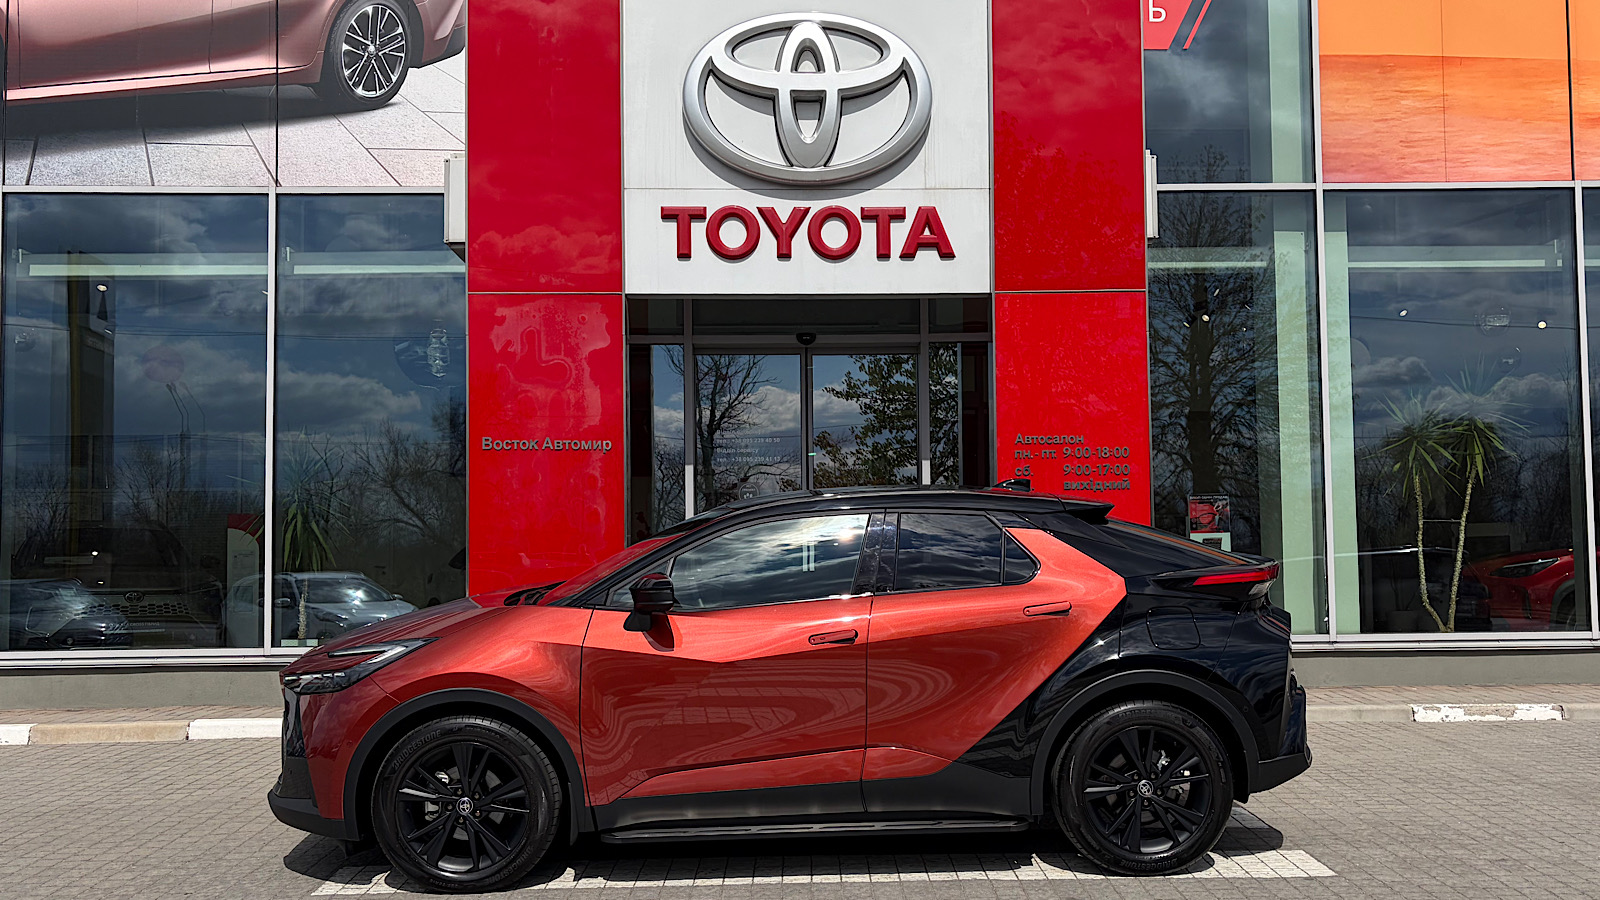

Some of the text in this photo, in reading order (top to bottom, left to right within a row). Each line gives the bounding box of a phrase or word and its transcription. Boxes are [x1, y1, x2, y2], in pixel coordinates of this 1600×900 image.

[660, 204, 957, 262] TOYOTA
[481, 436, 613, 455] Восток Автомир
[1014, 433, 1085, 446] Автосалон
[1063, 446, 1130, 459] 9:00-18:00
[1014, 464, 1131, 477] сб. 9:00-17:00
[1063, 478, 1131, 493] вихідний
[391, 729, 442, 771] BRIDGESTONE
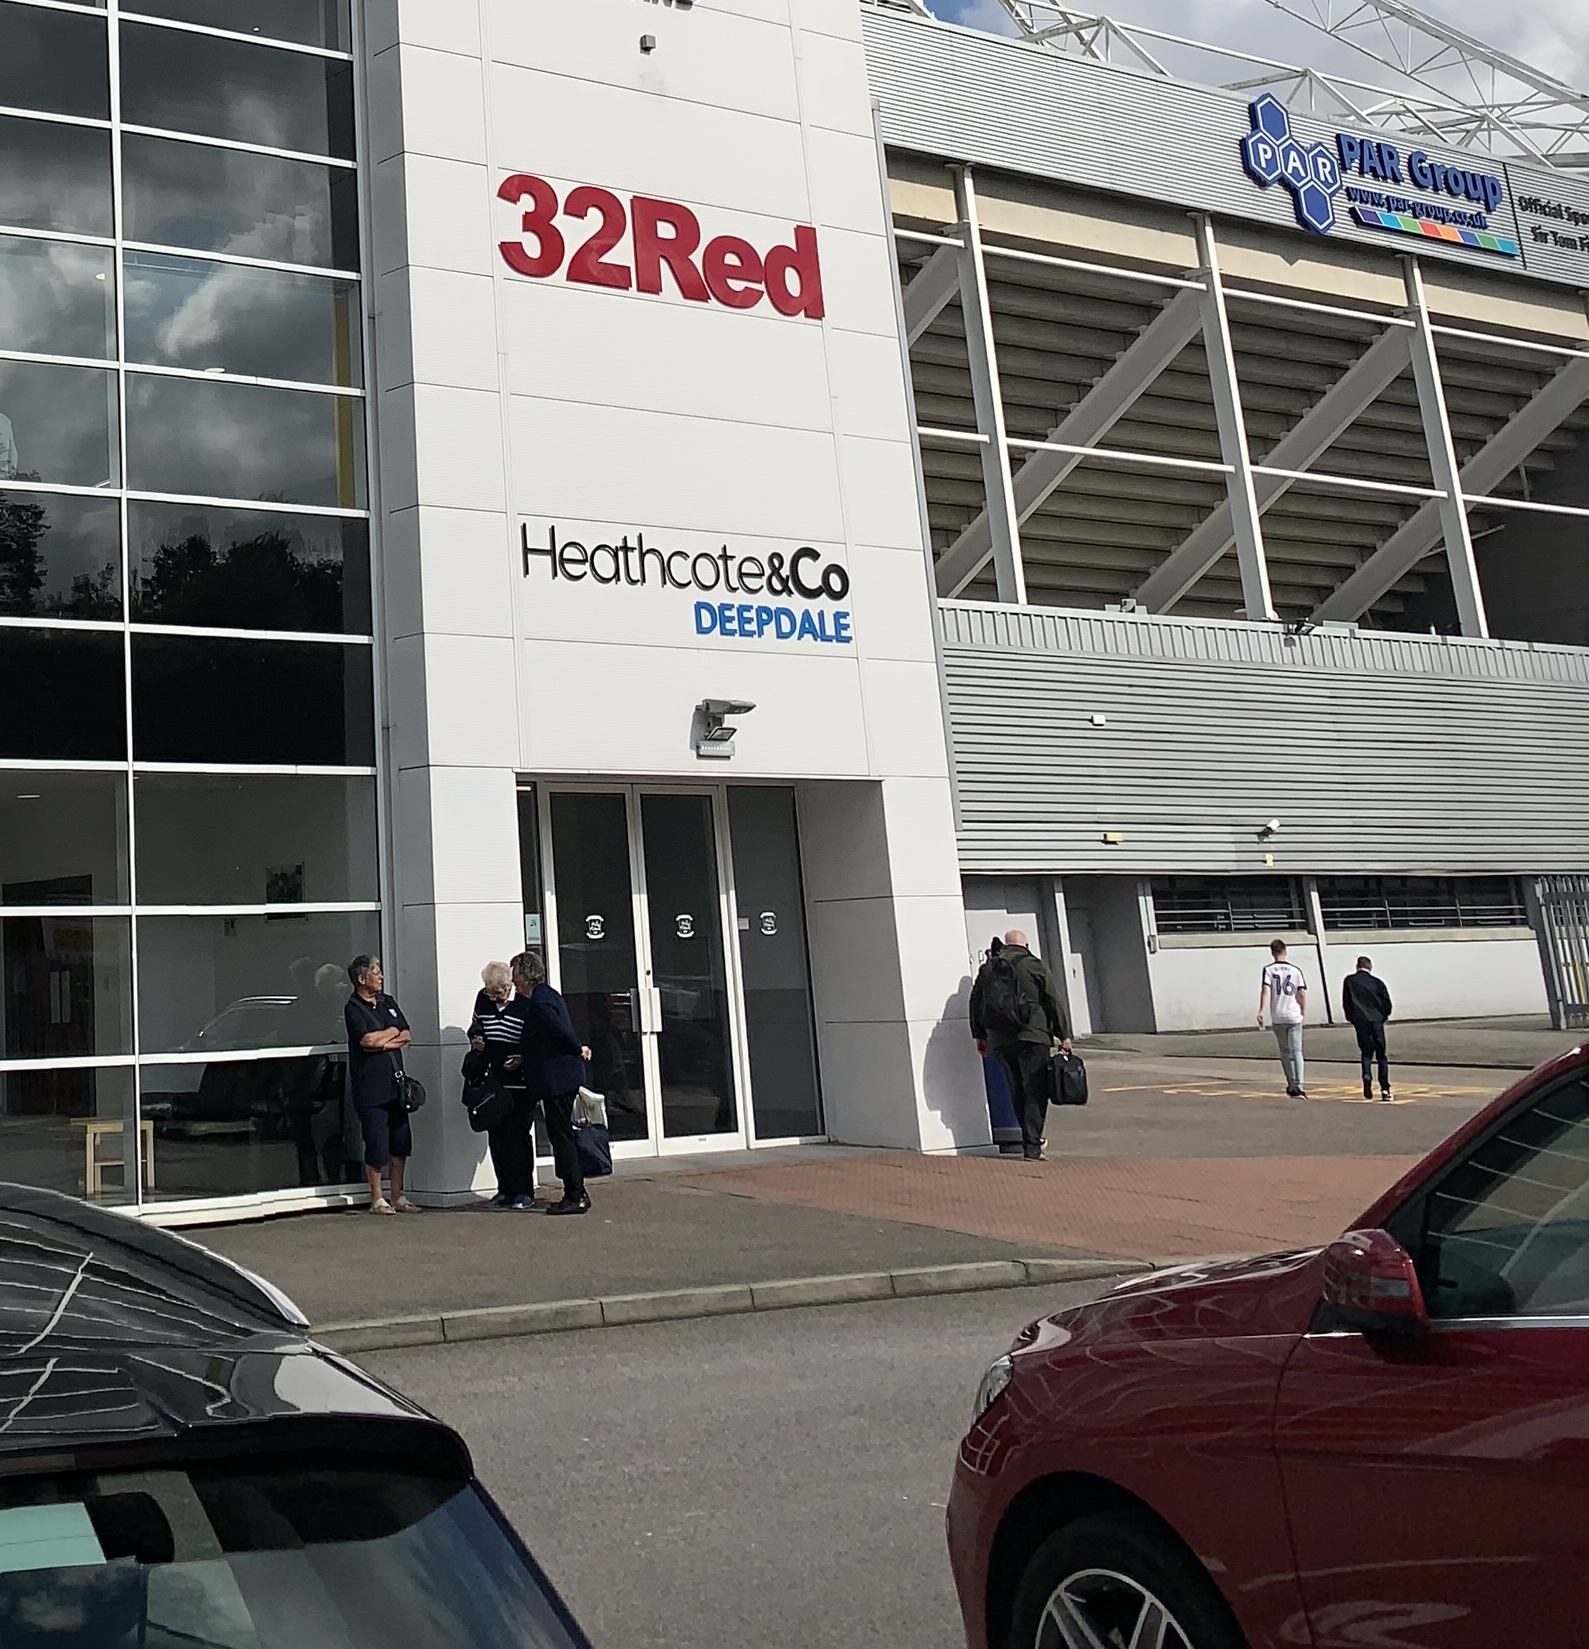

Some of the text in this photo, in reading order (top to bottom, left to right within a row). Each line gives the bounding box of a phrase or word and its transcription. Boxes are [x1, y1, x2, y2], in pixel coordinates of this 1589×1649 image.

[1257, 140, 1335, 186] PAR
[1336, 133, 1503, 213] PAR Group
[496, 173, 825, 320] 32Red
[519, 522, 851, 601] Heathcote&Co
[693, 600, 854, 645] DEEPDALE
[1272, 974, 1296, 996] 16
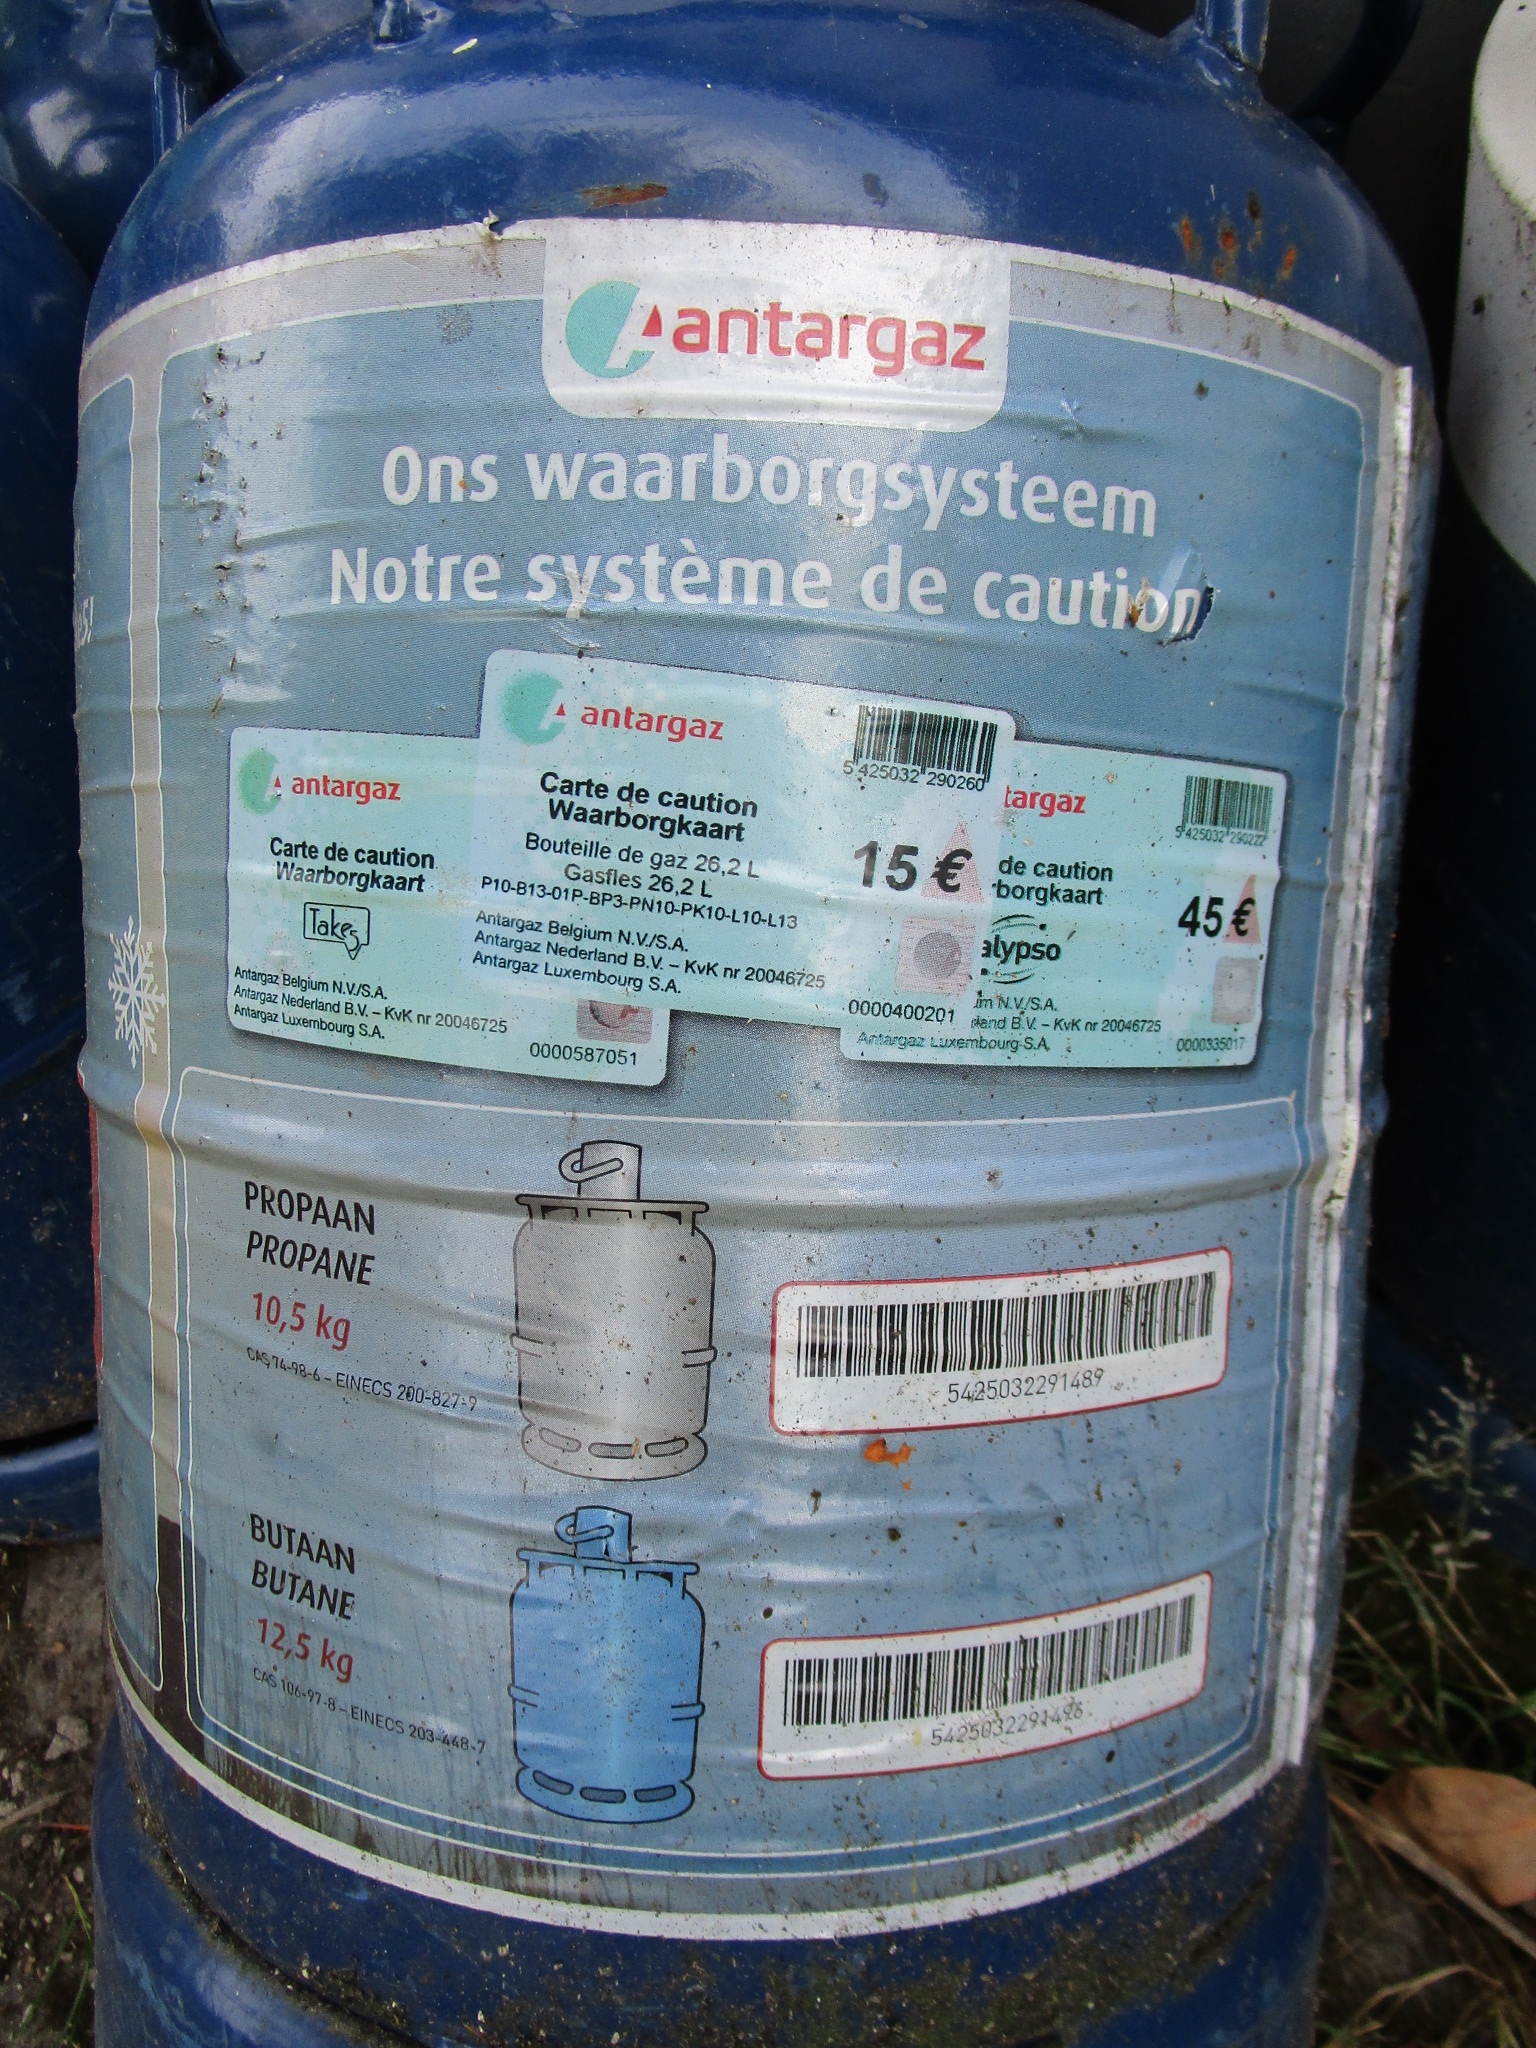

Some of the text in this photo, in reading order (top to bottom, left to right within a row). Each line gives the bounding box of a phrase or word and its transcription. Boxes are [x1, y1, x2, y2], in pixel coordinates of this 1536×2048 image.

* * *

Exercise> Images stay out; everything else in the records must be given again exactly.

Worked solution>
Some of the text in this photo, in reading order (top to bottom, left to right within a row). Each line gives the bounding box of a phrase or word and its transcription. Boxes are [x1, y1, x2, y2], in pixel coordinates of this 1600×900 image.

[660, 204, 957, 262] TOYOTA
[481, 436, 613, 455] Восток Автомир
[1014, 433, 1085, 446] Автосалон
[1063, 446, 1130, 459] 9:00-18:00
[1014, 464, 1131, 477] сб. 9:00-17:00
[1063, 478, 1131, 493] вихідний
[391, 729, 442, 771] BRIDGESTONE

Some of the text in this photo, in reading order (top to bottom, left to right within a row). Each line gives the bounding box of a phrase or word and its transcription. Boxes are [x1, y1, x2, y2], in pixel coordinates of this 1589×1649 image.

[1257, 140, 1335, 186] PAR
[1336, 133, 1503, 213] PAR Group
[496, 173, 825, 320] 32Red
[519, 522, 851, 601] Heathcote&Co
[693, 600, 854, 645] DEEPDALE
[1272, 974, 1296, 996] 16

Some of the text in this photo, in reading order (top to bottom, left to right within a row). Each line gives the bounding box of a phrase or word and its transcription. Boxes are [x1, y1, x2, y2], in pixel coordinates of this 1536×2048 image.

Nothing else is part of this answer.